General Surgery Coding Alert

Why Modifiers 76 and 77 Matter -- Even When They Don't

Can you tell when a different modifier is a better choice? Here's how

Medicare considers modifiers 76 and 77 -informational only- -- meaning that they will not affect your reimbursement -- but encourages practices to use these modifiers -when appropriate.- Make sure you know what that means, because it can affect your pay-up.

Don't make this mistake: You may think, -If 76 and 77 have no effect on reimbursement, why bother?-

Here's your reason: Not only do correct coding guidelines direct you always to report your claims to the highest level of precision, but knowing how to apply 76 and 77 properly will also help you to know when to use other, payable modifiers.

Day and Procedure Must Be Identical

You should append modifiers 76 (Repeat procedure by same physician) and 77 (Repeat procedure by another physician) when the same physician or a different physician, respectively, must repeat an identical procedure for the same patient on the same day.

Example: A patient with an aortofemoral bypass graft presents with reduced circulation to his leg.

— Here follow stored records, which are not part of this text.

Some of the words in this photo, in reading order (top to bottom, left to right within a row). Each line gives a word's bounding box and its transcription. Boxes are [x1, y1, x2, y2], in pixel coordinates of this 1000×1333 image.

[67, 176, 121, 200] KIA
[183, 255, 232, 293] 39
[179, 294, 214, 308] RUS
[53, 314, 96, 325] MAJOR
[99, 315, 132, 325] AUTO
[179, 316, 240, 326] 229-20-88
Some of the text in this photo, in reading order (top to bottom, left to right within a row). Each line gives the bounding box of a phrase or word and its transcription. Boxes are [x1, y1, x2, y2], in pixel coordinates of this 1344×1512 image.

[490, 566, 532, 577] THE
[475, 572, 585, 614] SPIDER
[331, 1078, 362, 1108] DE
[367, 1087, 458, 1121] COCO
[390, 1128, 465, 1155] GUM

A CT scan indicates that the graft has thrombosed (996.74). The surgeon performs thrombectomy (35875, Thrombectomy of arterial or venous graft [other than hemodialysis graft or fistula]) with good result and admits the patient for observation.

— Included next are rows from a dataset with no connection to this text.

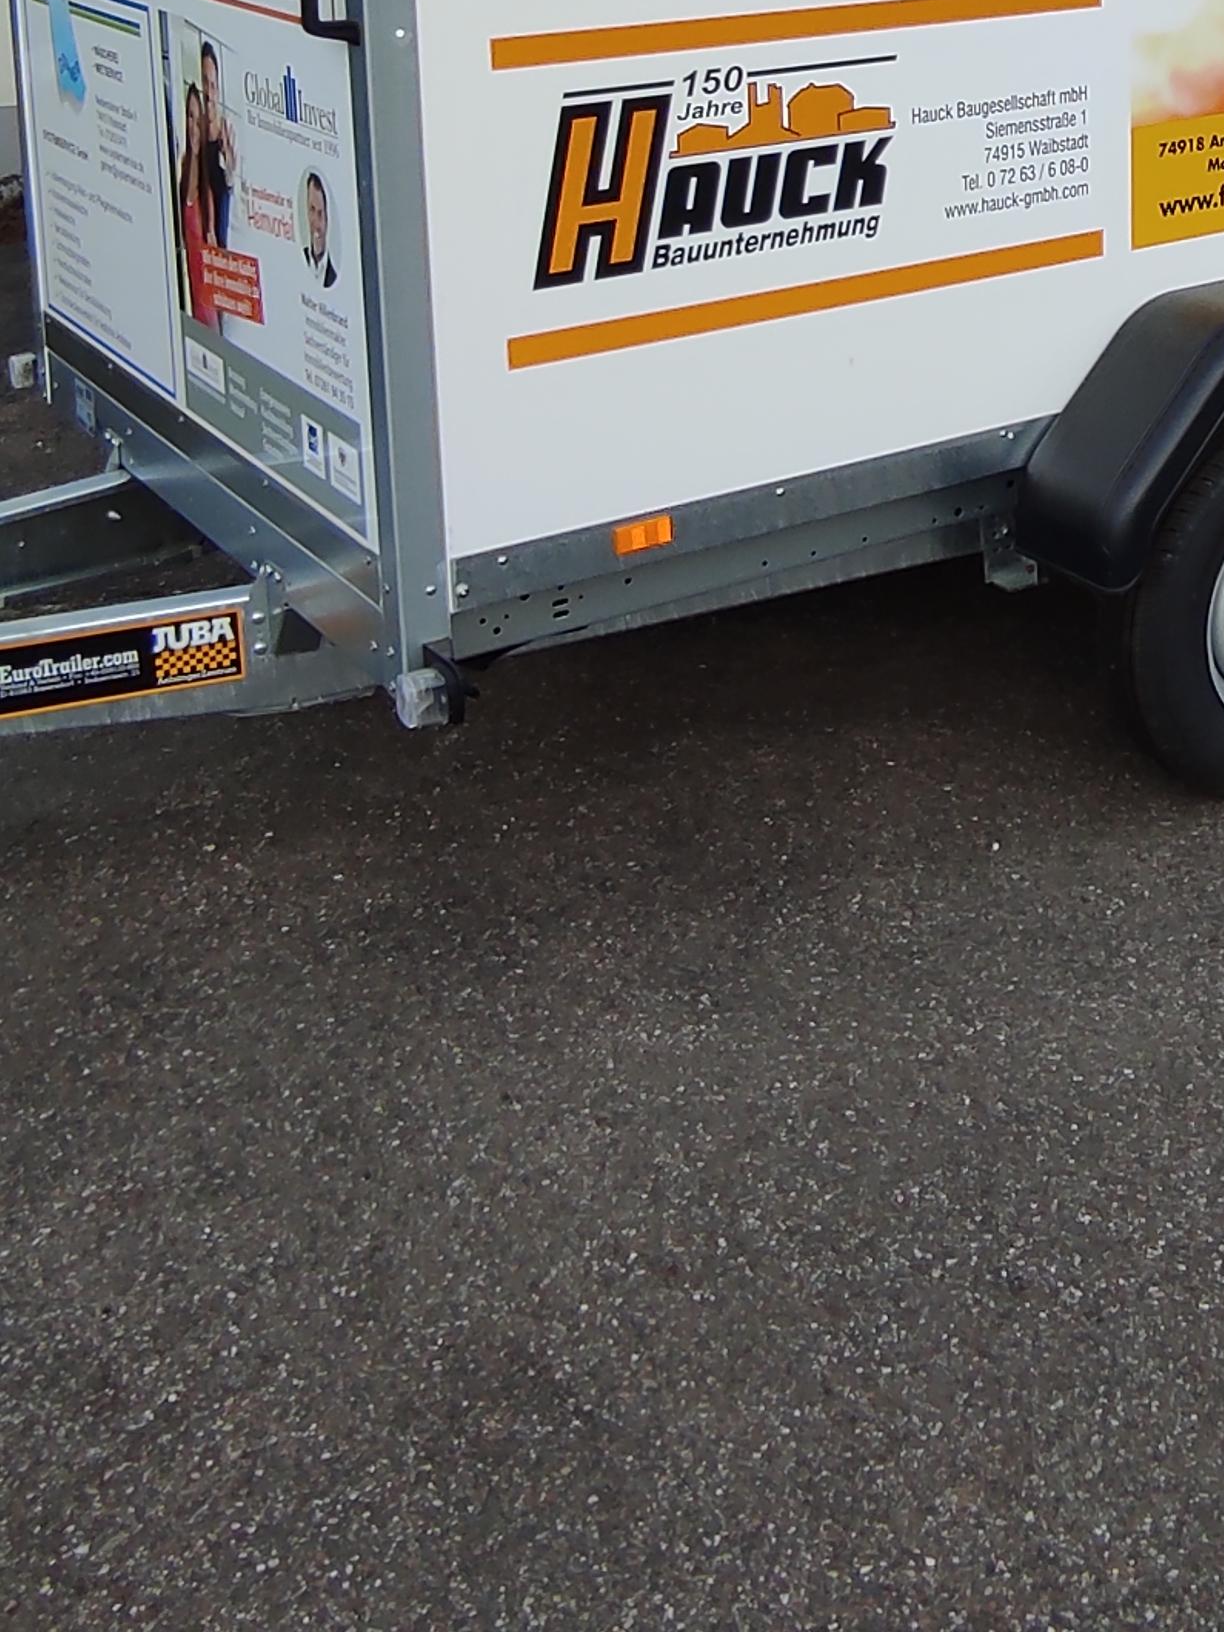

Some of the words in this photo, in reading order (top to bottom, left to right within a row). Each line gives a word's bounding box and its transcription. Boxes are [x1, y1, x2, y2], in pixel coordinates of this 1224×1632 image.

[682, 66, 745, 97] 150
[244, 71, 284, 115] Global
[298, 89, 337, 135] Invest
[677, 99, 744, 122] Jahre
[912, 104, 953, 124] Hauck
[957, 90, 1055, 119] Baugesellschaft
[1060, 85, 1087, 103] mbH
[986, 112, 1076, 139] Siemensstraße
[1081, 110, 1086, 124] 1
[984, 142, 1025, 163] 74915
[1028, 134, 1089, 156] Waibstadt
[1159, 136, 1204, 158] 74918
[962, 174, 982, 191] Tel.
[987, 171, 995, 187] 0
[1000, 168, 1016, 185] 72
[1020, 164, 1036, 182] 63
[1048, 162, 1056, 177] 6
[1060, 157, 1088, 175] 08-0
[532, 93, 893, 291] HAUCK
[944, 183, 1089, 218] www.hauck-gmbh.com
[651, 215, 880, 270] Bauunternehmung
[152, 617, 235, 653] JUBA

Four hours later, the patient again exhibits signs of reduced circulation.‧A follow-up CT indicates that another clot has formed at the same location. The surgeon again performs thrombectomy and follows with more aggressive anticoagulation.

In this case, you should report 35875-76 for the repeat thrombectomy by the same physician.

Billing tip: When medical necessity supports repeating a procedure more than twice, you should report the second line with modifier 76 or 77 (as appropriate) and the appropriate number of units in the units field. For instance, for three thrombectomies by the same physician on the same day (which would be very rare), you would report 35875, 35875-76 x 2.

Rule of thumb: If the physician repeats a service more than once (that is, if he provides the service three or more times for the same patient on the same day), you should provide additional documentation in the claim's narrative field to support the medical necessity of the repeat services. The physician's notes should clearly indicate why these repeat procedures were needed.

Important: You should be sure to file both claims on the same CMS-1500 claim form. If you separate the claims for the two identical, same-day services, Medicare will deny the second claim as a duplicate service, even if you append modifier 76 (or 77).

Avoid Confusion With Other Modifiers

Remember, modifiers 76 and 77 only apply if the repeat procedure occurs on the same day as the original procedure, says Barbara J. Cobuzzi, MBA, CPC, CPC-H, CPC-P, CHCC. In addition, the repeat procedure should be identical to the initial procedure (and take place, for example, in the same anatomic area), or modifiers 76 and 77 are not appropriate.

Example 1: The patient undergoes esophagogastroduodenoscopy (EGD) with control of gastrointestinal bleeding in the morning (43255, Upper gastrointestinal endoscopy including esophagus, stomach and either the duodenum and/or jejunum as appropriate; with control of bleeding, any method). Later that same day, the patient develops bleeding again, which requires the surgeon to repeat the earlier procedure.

In this case, you should append modifier 76 to 43255 to describe the repeat procedure on the same day as the initial procedure.

-What if- scenario: If the second endoscopy occurred several days after the initial endoscopy (but still within the global period), modifier 76 no longer applies. Instead, you would append modifier 79 (Unrelated procedure or service by the same physician during the postoperative period) to 43255.

If the physician repeats a procedure at different sites, you should not report 76 or 77. In most cases, you will instead use modifier 59 (Distinct procedural service) to differentiate the various sites.

Example 2: The surgeon removes three lesions, all from the left arm, all benign and measuring 2.5 cm each.

In this case, you should report 11403 (Excision, benign lesion including margins, except skin tag [unless listed elsewhere], trunk, arms or legs; excised diameter 2.1 to 3.0 cm) with 216.6 (Benign neoplasm of skin; skin of upper limb, including shoulder) and 11403-59 x 2 with 216.6.

Because the lesion removals occurred at different sites (although within the same general anatomic area), modifier 59, rather than 76, is appropriate, Cobuzzi says.